Page 20 of Brazil


  His room upstairs was crowded and bright, like the jungle Isabel had traversed with Ianopamoko; it was clamorously full of parrot-colored religious statues, of all the Catholic gods—Mary, the baby, crucified Jesus, St. Sebastian with his arrows, St. Catherine with her wheel, the Pope in white beanie who wore little glasses and died of hiccups—plus the orixás and exús of Candomblé, with the same little plaster heads and painted plaster stares, and beige-skinned busts of Elvis and Buddy Holly and Little Richard and other ianque rock immortals. There were even a gilded Buddha and a black-enamelled Kali, with her flaming red tongue and her necklace of skulls. This pardovasco truly lived for his religions, which offended Isabel. She distrusted the masculinity of a man who was not ready to make her his sole object of worship.
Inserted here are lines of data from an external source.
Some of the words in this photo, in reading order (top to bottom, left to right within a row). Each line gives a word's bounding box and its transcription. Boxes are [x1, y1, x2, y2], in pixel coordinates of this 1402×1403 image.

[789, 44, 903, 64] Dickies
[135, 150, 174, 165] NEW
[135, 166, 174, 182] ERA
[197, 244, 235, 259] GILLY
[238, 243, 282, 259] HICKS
  Rather than instantly fall to lovemaking, the jeweller insisted that she listen with him to his afochê records, explaining, “Afochê is the most African of Brazilian musics, with close ties to Candomblé; it has been rejuvenated by Jamaican reggae and the Black Consciousness Movement throughout the Americas.” He gave her dope to smoke but it was not as cosmic in feeling as Tejucupapo’s yagé. Their sex, when they finally came to it, seemed perfunctory and tame compared with what she and Tristão had developed. This was not a man who loved a woman to the point of self-annihilation. She had been spoiled for any other kind. Nevertheless, she went back to the jeweller—his name was Olympio Cipóuna—several times, to his room full of the stubs of votive candles, and deposited the money she wheedled from him in a savings account, whose rate of interest was adjusted to the rate of inflation.
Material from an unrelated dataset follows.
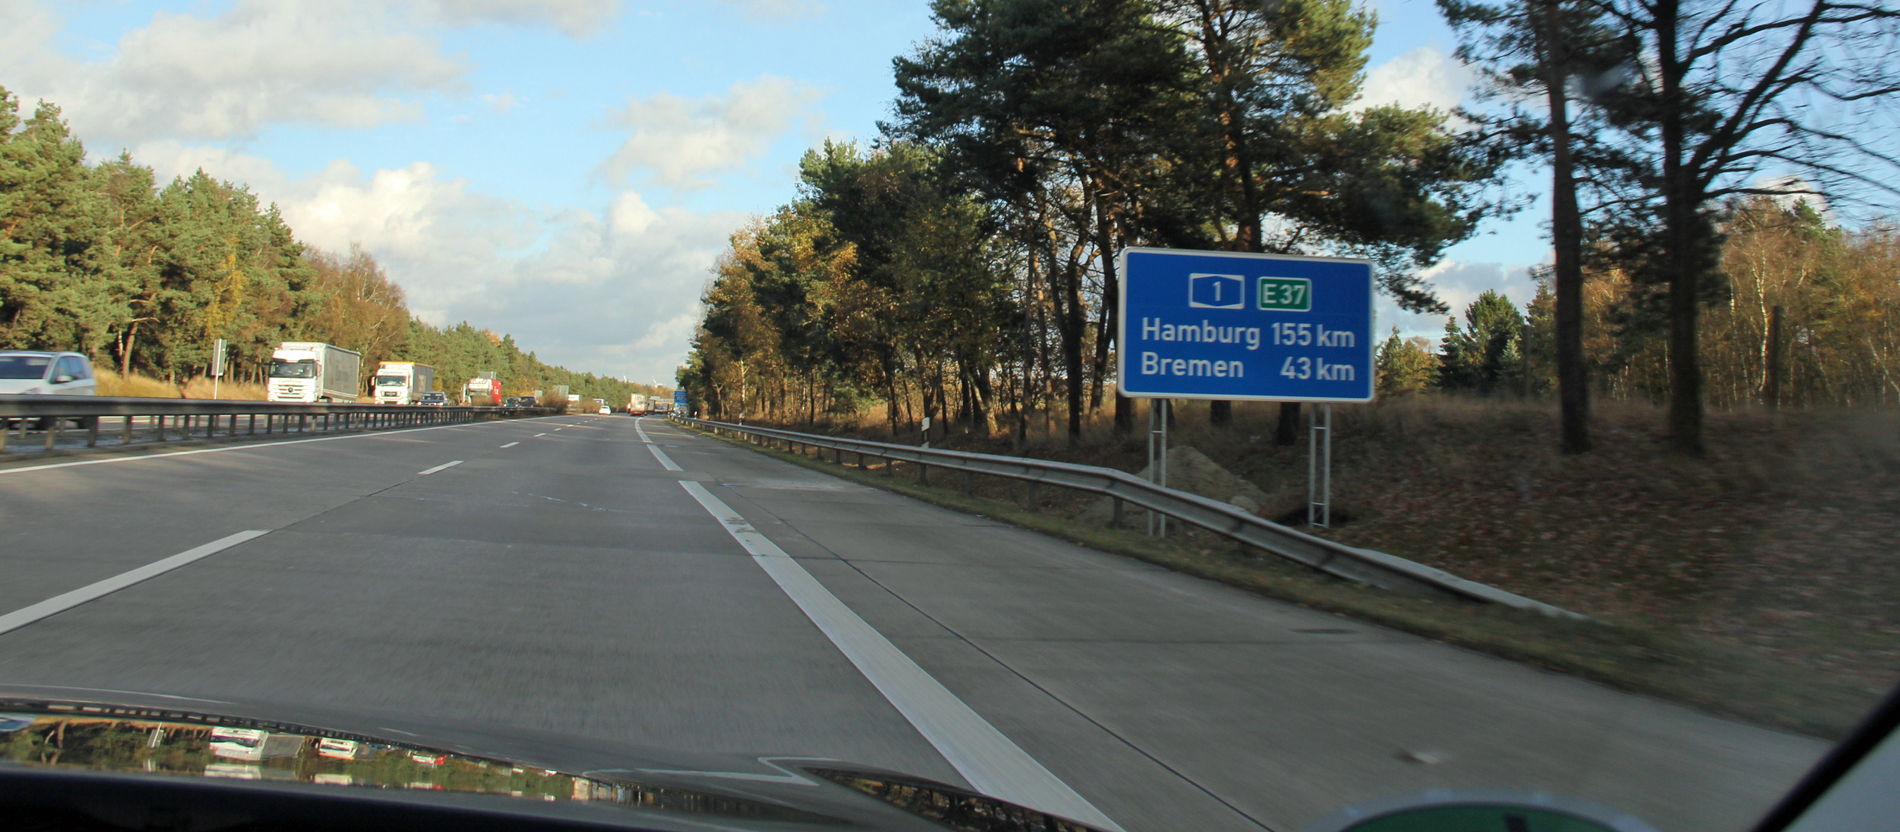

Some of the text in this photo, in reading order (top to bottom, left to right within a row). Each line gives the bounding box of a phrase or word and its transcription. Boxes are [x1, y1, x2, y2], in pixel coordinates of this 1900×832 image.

  The further east she and Tristão had travelled, from wilderness fit only for Indians to unfenced cattle country and on into farmland varied by pockets of government-sponsored industry, the more apparent was their need for money, for capital. They must have clothes, shoes, cruzeiros for rent and restaurants. This provincial city, named Bunda da Fronteira, not many years before still had board sidewalks and wooden false fronts and hitching posts, and every man carried a gun. Photographs of old lynchings and dance halls were displayed in the windows of Main Street barberships and on the walls of the local historical society. Indian artifacts, especially feather-work by the Erikbatsas, were on sale everywhere, for the German and Swedish tourists, who were hauled in by bus; also there were parties of Canadian fishermen organized to plunder the teeming waters of the Araguaia and Xingú rivers. Amenities were rapidly being installed, for the tourists and the local gentry. Ten-story office buildings were being constructed, with sealed windows and air-conditioning; streetlights had been installed at six intersections; faucet water was being rendered potable; and a shopping mall was taking shape on the edge of town.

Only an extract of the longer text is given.